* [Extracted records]
■ ■ ■ ■ ■ ■ ■
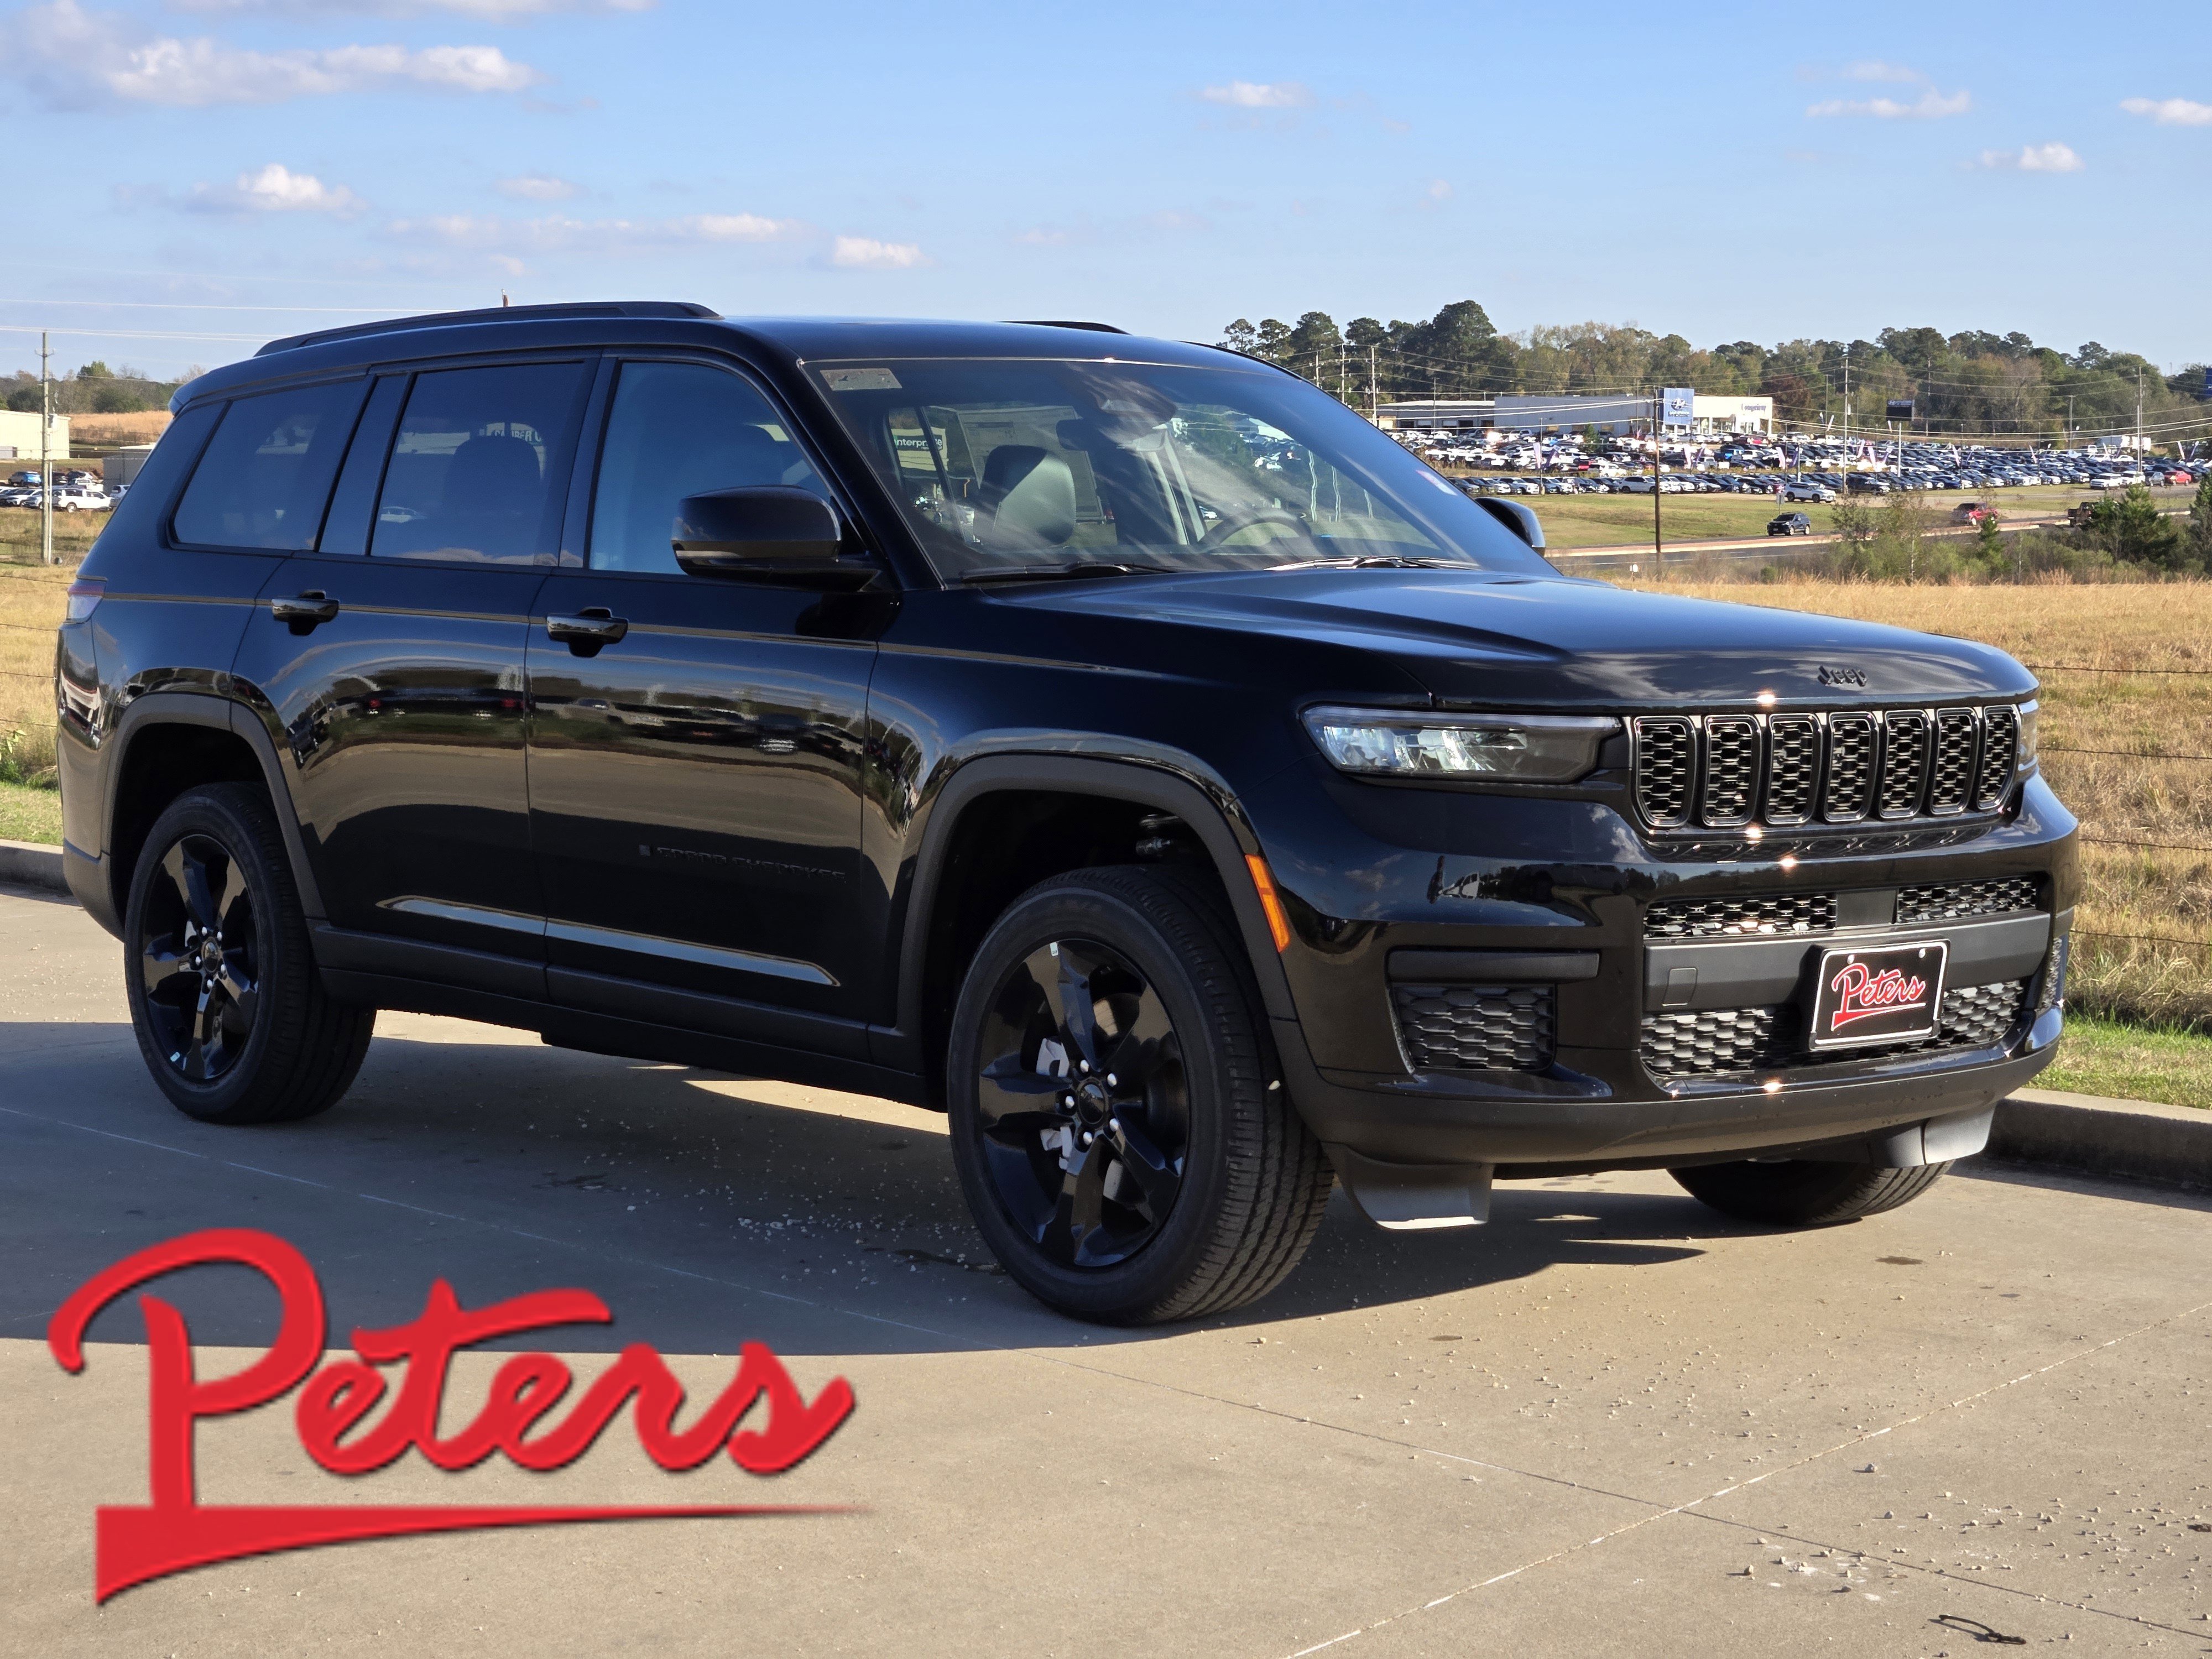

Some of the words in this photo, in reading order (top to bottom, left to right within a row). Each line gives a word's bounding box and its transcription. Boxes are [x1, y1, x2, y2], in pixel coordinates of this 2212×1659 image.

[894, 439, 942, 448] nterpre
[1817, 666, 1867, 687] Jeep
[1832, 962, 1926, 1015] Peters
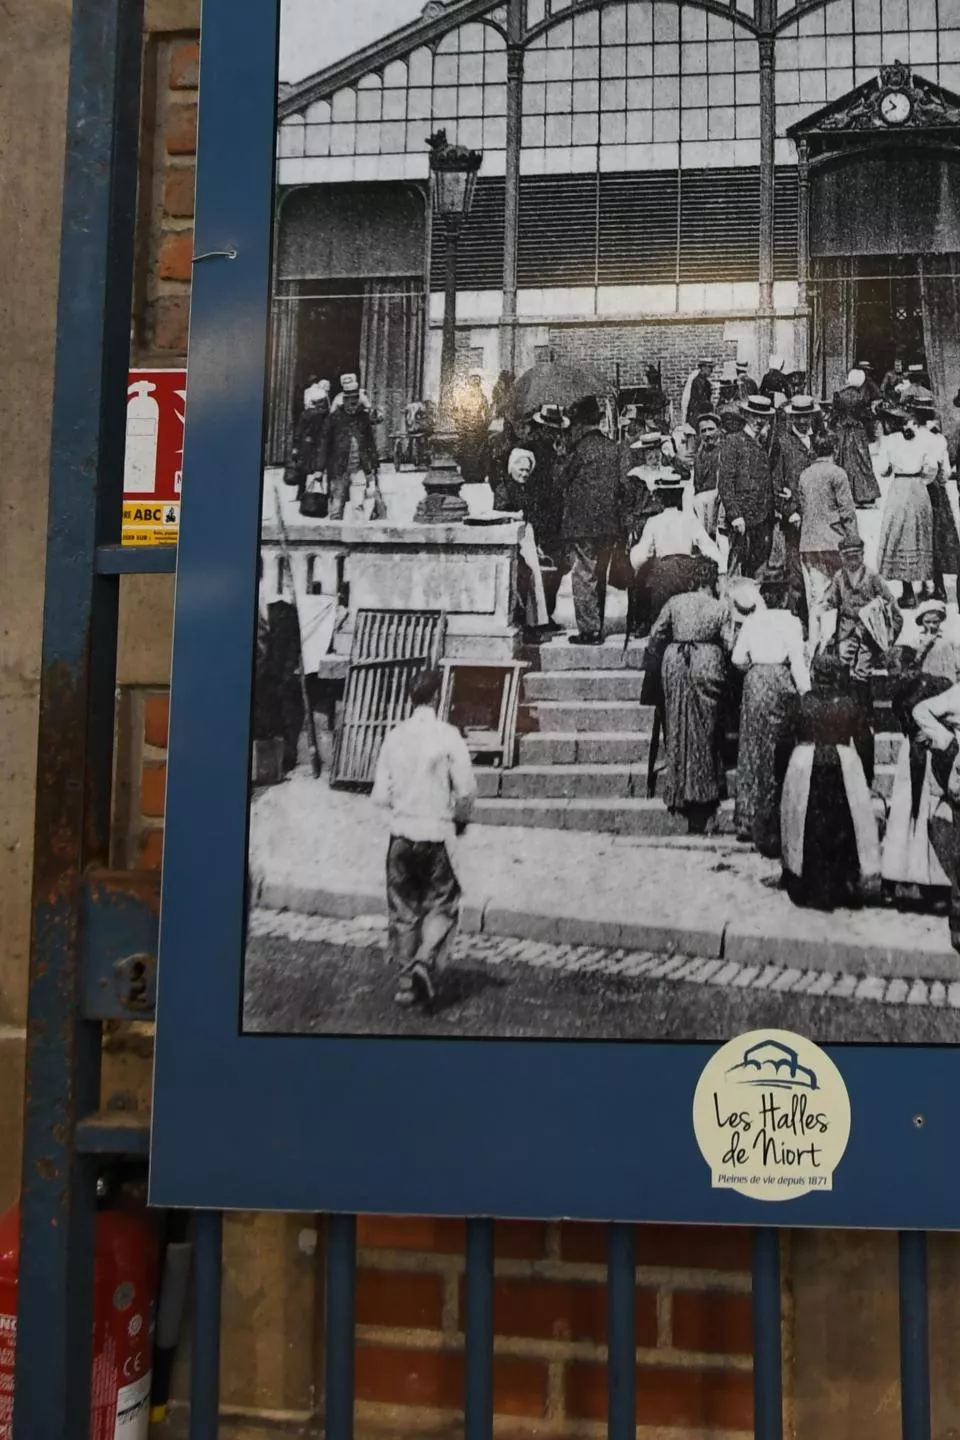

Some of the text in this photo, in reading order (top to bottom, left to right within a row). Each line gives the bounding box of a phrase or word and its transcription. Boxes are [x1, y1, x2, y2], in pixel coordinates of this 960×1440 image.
■ ■ ■ ■ ■ ■ ■
Transcribe the lines above exactly, setting aside any picture among them.

* [Expected output]
Some of the words in this photo, in reading order (top to bottom, left to right within a row). Each line gives a word's bounding box and its transcription. Boxes are [x1, y1, x2, y2], in pixel coordinates of this 2212×1659 image.

[894, 439, 942, 448] nterpre
[1817, 666, 1867, 687] Jeep
[1832, 962, 1926, 1015] Peters

Some of the text in this photo, in reading order (top to bottom, left to right within a row). Each line gives the bounding box of a phrase or word and its transcription. Boxes are [x1, y1, x2, y2], in pixel coordinates of this 960×1440 image.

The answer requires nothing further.